Bu yıl beşinci yarışta Toro Rosso’dan Red Bull’a geçtiğinde sürücüler klasmanında 10. sıradaydı. O günden sonra daha iyi bir araçla Hollandalı pilot beşinciliğe kadar tırmandı ve sezonun son yarışına Sebastian Vettel’i geçme şansıyla gidiyor. Abu Dhabi’ye giderken Verstappen’le F1’deki ikinci yılını, 2017 için beklentilerini ve 4.lüğün ona ne ifade ettiğini konuştuk.
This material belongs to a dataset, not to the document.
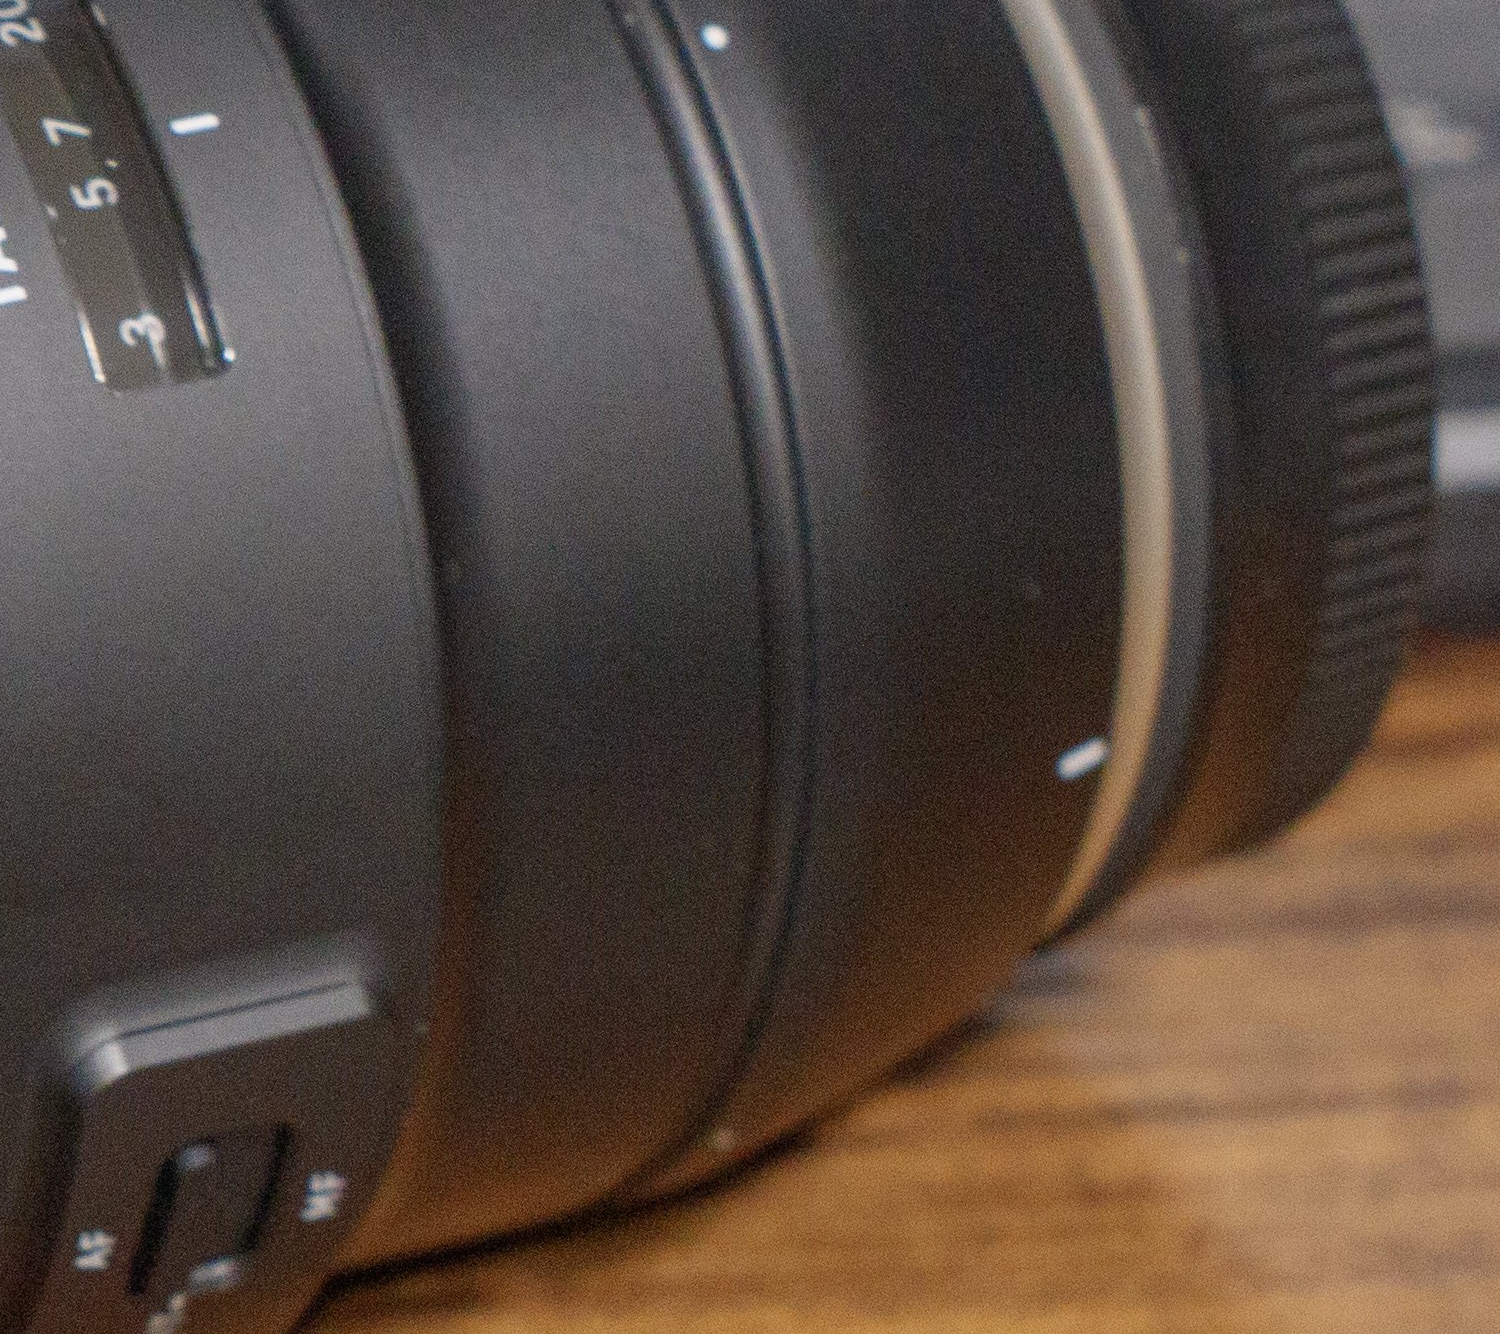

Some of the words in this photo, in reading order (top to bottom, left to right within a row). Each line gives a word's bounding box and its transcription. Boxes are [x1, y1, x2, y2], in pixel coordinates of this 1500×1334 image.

[41, 116, 91, 146] 7
[69, 176, 119, 211] 5
[119, 312, 166, 348] 3
Soru: Max, senin bu sezon yol açtığın kadar tartışmaya yol açan bir pilot bulmamız için çok geriye gitmemiz gerekiyor. Muhtemelen Michael Schumacher’in ilk yıllarına. Bütün bu heyecanı anlayabiliyor musun?
Max Verstappen: Eh, planlı değildi. Hiçbir şekilde veya yolda tartışmalı olmayı hedeflememiştim! (Gülüyor) Yapabileceğim en iyi şekilde yarışıyorum, o kadar. Fakat tabii ki aynı zamanda pozisyonlar için de savaşıyorum, savunma veya atak olduğu fark etmez. Ben böyleyim. Oturup hiçbir zaman “Evet, gridde hakkında en çok konuşulan pilot olmak istiyorum” diye düşünmedim.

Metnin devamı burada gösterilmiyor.